▶ _THE PROBLEM_: Would you repeat the entries below word for word and omit the pictures?

+ + + +

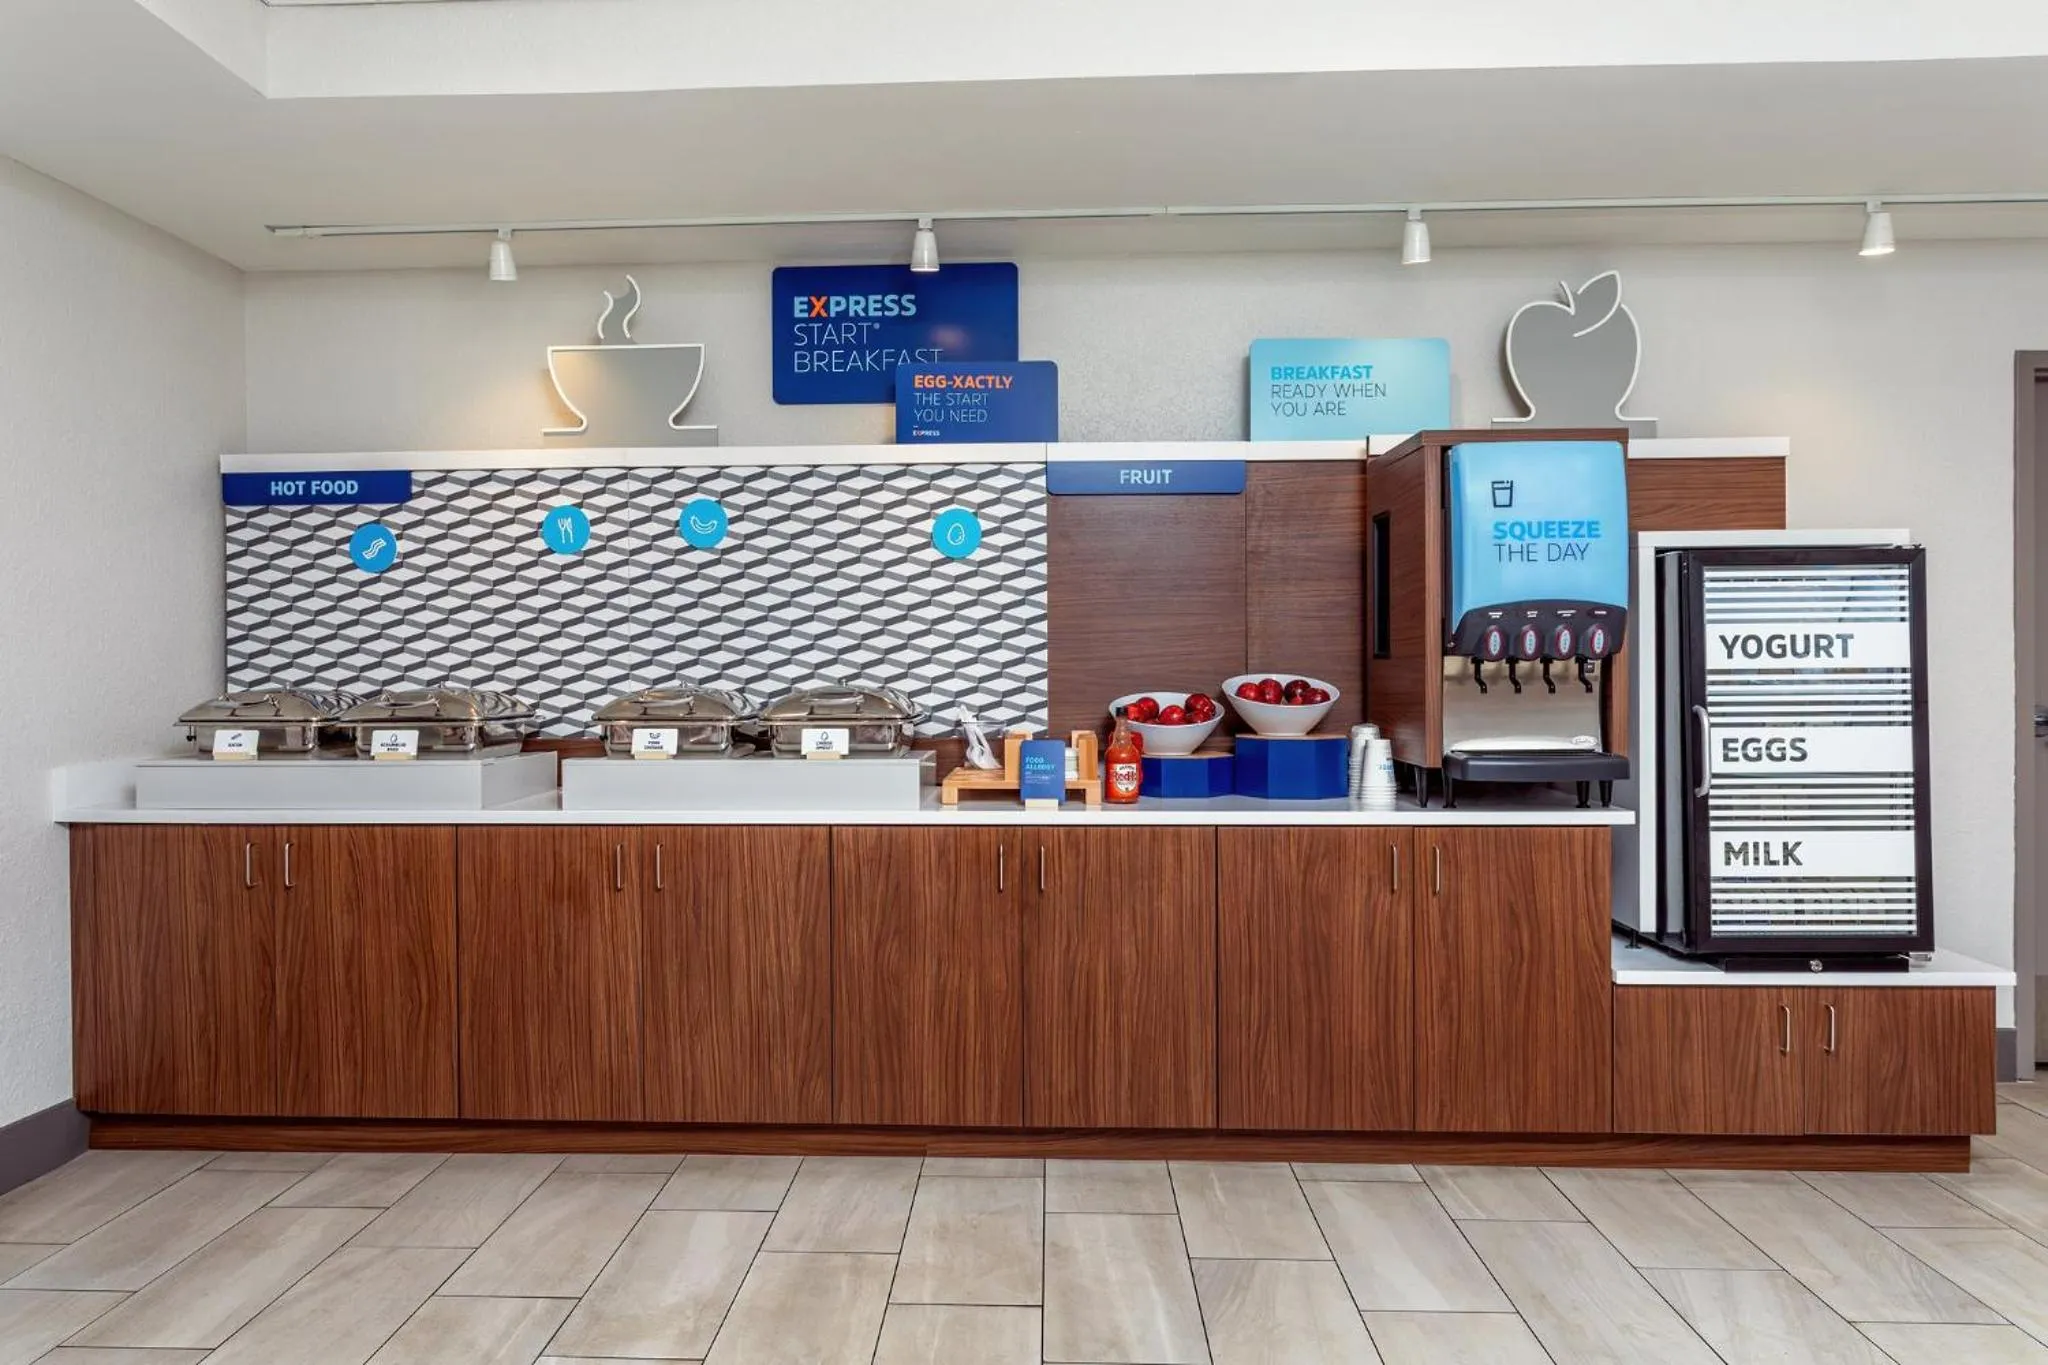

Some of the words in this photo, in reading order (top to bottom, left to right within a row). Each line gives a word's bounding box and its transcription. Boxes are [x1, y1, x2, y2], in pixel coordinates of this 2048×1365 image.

[794, 294, 917, 318] EXPRESS
[1270, 365, 1373, 381] BREAKFAST
[913, 375, 1013, 389] EGG-XACTLY
[1271, 383, 1327, 399] READY
[1333, 382, 1387, 398] WHEN
[914, 392, 941, 406] THE
[946, 392, 989, 406] START
[914, 409, 944, 422] YOU
[949, 409, 988, 422] NEED
[1271, 402, 1307, 417] YOU
[1312, 401, 1347, 416] ARE
[1120, 469, 1173, 485] FRUIT
[270, 480, 306, 497] HOT
[311, 479, 358, 496] FOOD
[1492, 520, 1602, 540] SQUEEZE
[1493, 543, 1538, 563] THE
[1547, 542, 1590, 562] DAY
[1719, 633, 1854, 660] YOGURT
[1722, 737, 1808, 763] EGGS
[1723, 841, 1804, 866] MILK

+ + + +

▶ _ANSWER TO THIS PROBLEM_:
Some of the words in this photo, in reading order (top to bottom, left to right within a row). Each line gives a word's bounding box and its transcription. Boxes are [x1, y1, x2, y2], in pixel coordinates of this 2048×1365 image.

[794, 294, 917, 318] EXPRESS
[1270, 365, 1373, 381] BREAKFAST
[913, 375, 1013, 389] EGG-XACTLY
[1271, 383, 1327, 399] READY
[1333, 382, 1387, 398] WHEN
[914, 392, 941, 406] THE
[946, 392, 989, 406] START
[914, 409, 944, 422] YOU
[949, 409, 988, 422] NEED
[1271, 402, 1307, 417] YOU
[1312, 401, 1347, 416] ARE
[1120, 469, 1173, 485] FRUIT
[270, 480, 306, 497] HOT
[311, 479, 358, 496] FOOD
[1492, 520, 1602, 540] SQUEEZE
[1493, 543, 1538, 563] THE
[1547, 542, 1590, 562] DAY
[1719, 633, 1854, 660] YOGURT
[1722, 737, 1808, 763] EGGS
[1723, 841, 1804, 866] MILK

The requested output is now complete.